As this year draws to a close, I find myself returning again and again to the emotions and humanity that inevitably surface when an emergency strikes. A mother’s feeling of helplessness when her child is in the grip of a life-threatening allergic reaction. An elderly man who loses his independence when he slips and cuts his head in his own bathroom. The fear that ripples through a family when someone they love collapses suddenly during a quiet walk in the park or has a car accident doing errands in the middle of the day. In those moments, everything narrows to a single point. A person in need, requiring someone’s promise and commitment to provide professional and compassionate emergency care.
For our more than 8,000 Heroes in Orange at United Hatzalah, these are not abstractions. These are the human faces and real lives they encounter every day, 365 days a year, 24 hours a day, and always free of charge.

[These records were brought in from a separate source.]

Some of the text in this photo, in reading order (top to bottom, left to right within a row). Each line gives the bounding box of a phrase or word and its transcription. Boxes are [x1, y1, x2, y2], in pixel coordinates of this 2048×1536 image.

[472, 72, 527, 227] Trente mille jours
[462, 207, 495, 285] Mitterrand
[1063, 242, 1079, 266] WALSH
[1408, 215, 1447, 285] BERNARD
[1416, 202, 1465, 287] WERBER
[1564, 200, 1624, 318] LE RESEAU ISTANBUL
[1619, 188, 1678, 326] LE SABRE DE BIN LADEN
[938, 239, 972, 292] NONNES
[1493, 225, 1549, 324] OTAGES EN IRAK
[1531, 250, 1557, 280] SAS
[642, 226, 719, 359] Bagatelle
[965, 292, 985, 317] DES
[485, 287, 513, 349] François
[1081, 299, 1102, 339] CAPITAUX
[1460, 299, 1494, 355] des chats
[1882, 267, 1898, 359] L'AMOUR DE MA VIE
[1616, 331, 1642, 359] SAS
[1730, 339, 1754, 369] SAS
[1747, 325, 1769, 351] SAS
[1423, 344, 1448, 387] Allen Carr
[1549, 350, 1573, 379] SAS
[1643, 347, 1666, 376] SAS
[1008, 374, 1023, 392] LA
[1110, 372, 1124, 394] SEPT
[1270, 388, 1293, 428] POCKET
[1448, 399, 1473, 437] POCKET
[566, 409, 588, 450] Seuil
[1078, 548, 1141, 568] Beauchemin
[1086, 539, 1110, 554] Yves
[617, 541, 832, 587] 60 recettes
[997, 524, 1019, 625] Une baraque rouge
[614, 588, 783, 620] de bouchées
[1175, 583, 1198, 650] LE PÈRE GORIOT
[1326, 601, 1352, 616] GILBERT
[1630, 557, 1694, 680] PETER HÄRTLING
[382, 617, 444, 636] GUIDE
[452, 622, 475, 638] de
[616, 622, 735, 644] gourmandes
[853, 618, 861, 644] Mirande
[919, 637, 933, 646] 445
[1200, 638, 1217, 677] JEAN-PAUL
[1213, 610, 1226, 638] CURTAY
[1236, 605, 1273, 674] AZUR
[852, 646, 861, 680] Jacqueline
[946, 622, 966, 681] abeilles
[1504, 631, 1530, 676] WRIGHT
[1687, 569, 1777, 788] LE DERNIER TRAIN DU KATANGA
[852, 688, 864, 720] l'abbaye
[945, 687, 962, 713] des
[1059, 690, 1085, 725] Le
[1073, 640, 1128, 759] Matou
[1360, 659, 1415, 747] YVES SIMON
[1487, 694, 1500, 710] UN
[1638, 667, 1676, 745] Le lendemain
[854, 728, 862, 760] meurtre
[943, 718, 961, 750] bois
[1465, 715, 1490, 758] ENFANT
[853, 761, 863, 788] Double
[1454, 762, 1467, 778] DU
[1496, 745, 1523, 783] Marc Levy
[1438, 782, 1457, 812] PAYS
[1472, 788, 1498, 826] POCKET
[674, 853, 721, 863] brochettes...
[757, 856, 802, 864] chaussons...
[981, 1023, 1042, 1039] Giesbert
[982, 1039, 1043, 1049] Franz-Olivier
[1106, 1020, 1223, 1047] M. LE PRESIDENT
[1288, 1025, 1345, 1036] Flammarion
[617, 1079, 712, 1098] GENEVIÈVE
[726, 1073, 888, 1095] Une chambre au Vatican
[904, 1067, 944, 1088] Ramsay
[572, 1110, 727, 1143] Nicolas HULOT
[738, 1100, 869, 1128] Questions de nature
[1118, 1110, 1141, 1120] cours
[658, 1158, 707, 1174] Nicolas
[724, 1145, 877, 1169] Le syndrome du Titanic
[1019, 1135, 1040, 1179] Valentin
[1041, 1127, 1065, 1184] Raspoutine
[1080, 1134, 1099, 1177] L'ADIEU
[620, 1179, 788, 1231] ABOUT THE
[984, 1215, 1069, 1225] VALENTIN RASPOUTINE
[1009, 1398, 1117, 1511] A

When these moments are multiplied hundreds of thousands of times over the past year, they tell the true story of who we are and why we exist.
It has been a year defined by extraordinary growth, profound challenge, and renewed purpose. Across Israel and far beyond its borders, our volunteers answered the call guided by the same simple principles that have always shaped our mission. Be there fast and first. Be professional and compassionate. Be there for everyone.

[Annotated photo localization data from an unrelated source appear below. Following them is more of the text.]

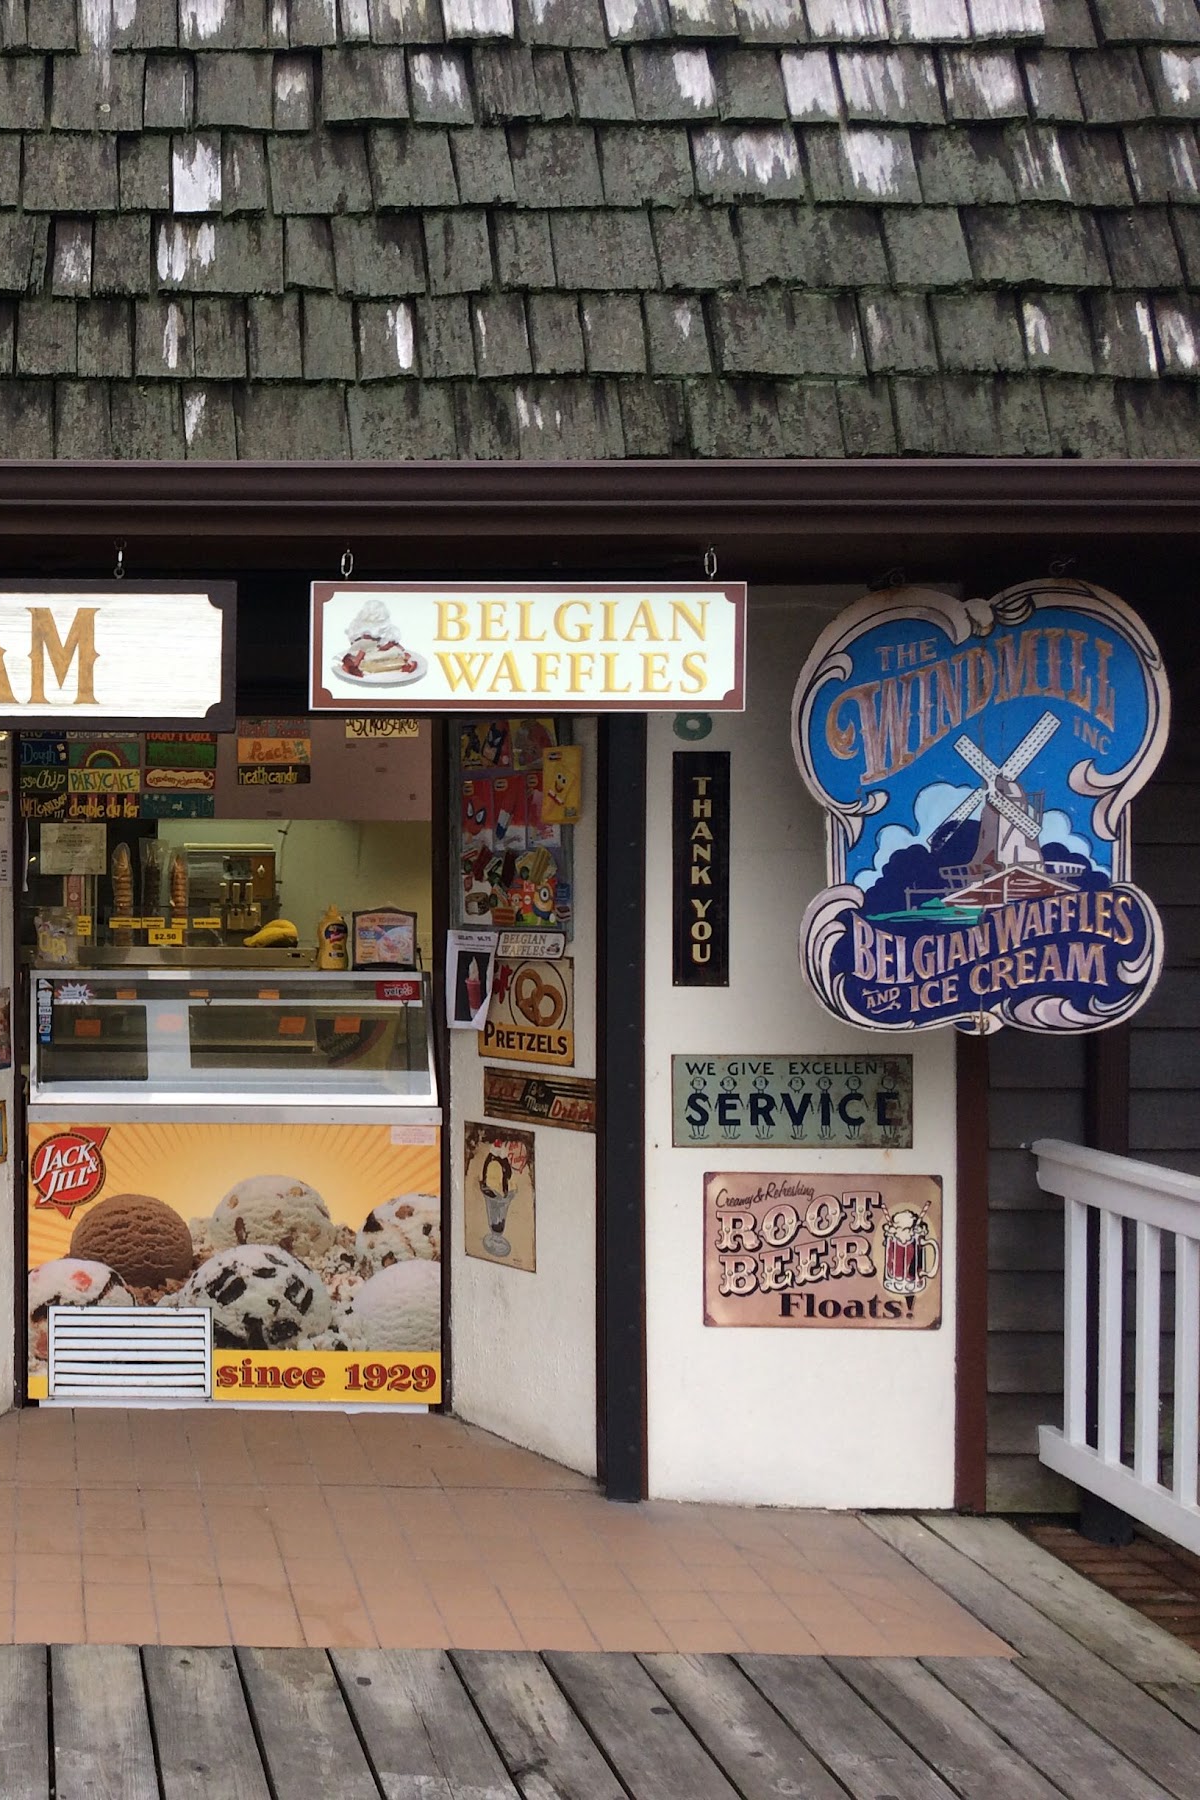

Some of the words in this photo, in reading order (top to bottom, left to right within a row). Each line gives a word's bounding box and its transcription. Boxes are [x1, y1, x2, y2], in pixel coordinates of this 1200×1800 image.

[432, 599, 710, 642] BELGIAN
[874, 636, 938, 672] THE
[434, 651, 709, 694] WAFFLES
[825, 627, 1115, 786] WINDMILL
[1073, 715, 1113, 756] INC
[21, 742, 57, 766] Dough
[69, 796, 105, 818] double
[691, 776, 714, 885] THANK
[154, 932, 177, 941] $2.50
[503, 933, 547, 945] BELGIAN
[691, 899, 713, 963] YOU
[851, 912, 990, 987] BELGIAN
[990, 890, 1135, 954] WAFFLES
[501, 944, 546, 956] WAFFLES
[384, 986, 404, 998] yelp
[862, 986, 902, 1014] AND
[909, 973, 959, 1013] ICE
[968, 943, 1109, 994] CREAM
[484, 1020, 568, 1056] PRETZELS
[685, 1062, 716, 1077] WE
[727, 1061, 775, 1077] GIVE
[685, 1092, 902, 1127] SERVICE
[33, 1141, 99, 1185] JACK
[85, 1156, 100, 1174] &
[39, 1164, 90, 1204] JILL
[716, 1187, 754, 1210] Creamy
[764, 1179, 816, 1202] Refreshing
[715, 1190, 883, 1254] ROOT
[717, 1235, 877, 1298] BEER
[778, 1292, 916, 1320] Floats!
[216, 1358, 326, 1389] since
[344, 1362, 437, 1391] 1929

Here at home, the pace and scale of emergencies have not slowed. From routine medical calls to complex multi casualty incidents, our volunteers responded day and night in cities and villages alike. Jewish, Muslim, Christian, and Druze communities all received the same care delivered with professionalism forged through constant training and with humanity grounded in the understanding that when a life hangs in the balance, nothing else matters.

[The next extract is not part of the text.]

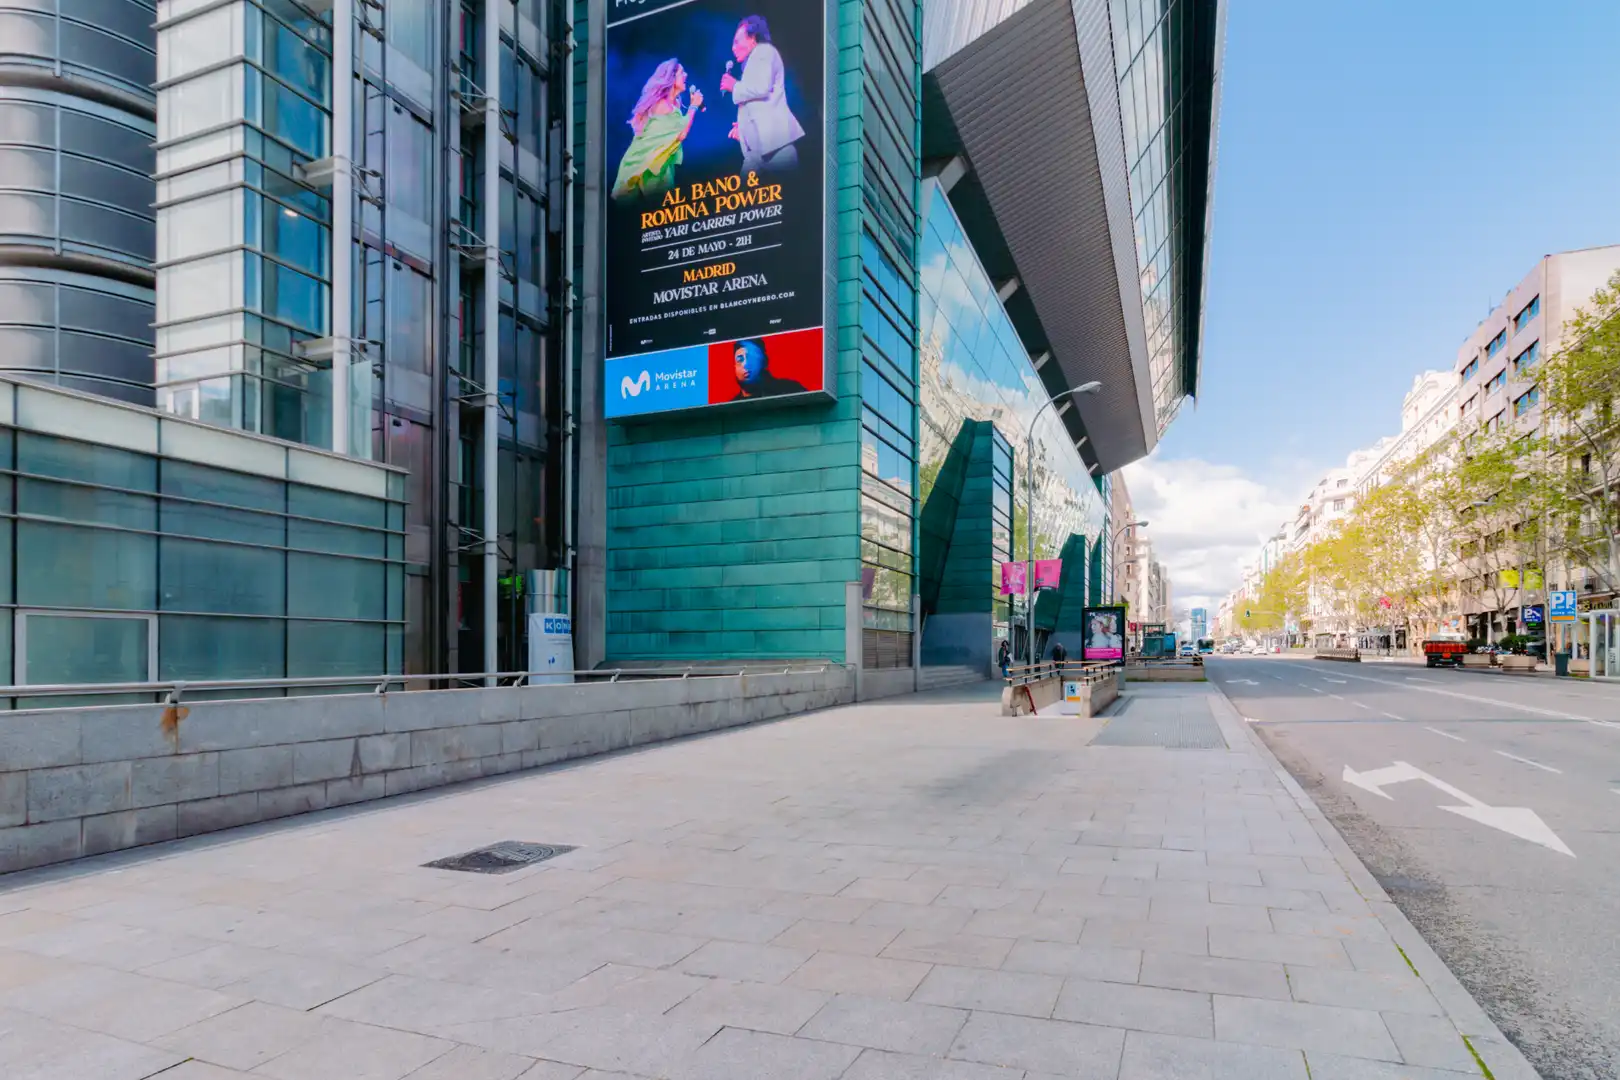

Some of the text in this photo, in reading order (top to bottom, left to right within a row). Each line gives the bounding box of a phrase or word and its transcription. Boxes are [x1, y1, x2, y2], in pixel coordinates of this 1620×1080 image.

This year also marked a significant leap forward in how we save lives. We introduced a new tool that reflects our belief in innovation with purpose. The Ambuscooter is a compact, agile emergency response vehicle designed to reach patients even faster in dense urban environments. It does not replace our ambulances or existing response units. It strengthens them. It is another layer in a growing ecosystem of rapid response solutions built around a single truth. Seconds save lives.
Yet innovation is never only about technology. It is about people. Every new vehicle, every new system, every advancement matters only if it enables our volunteers to work better and safer. That is why we invested so heavily this year in training. Advanced medical skills, mass casualty preparedness, psychotrauma response, and scenario-based drills are now central to our expansion. Our volunteers bring extraordinary commitment. Our responsibility is to ensure they are always prepared. We train not to get it right by chance, but to ensure we never get it wrong when it matters most.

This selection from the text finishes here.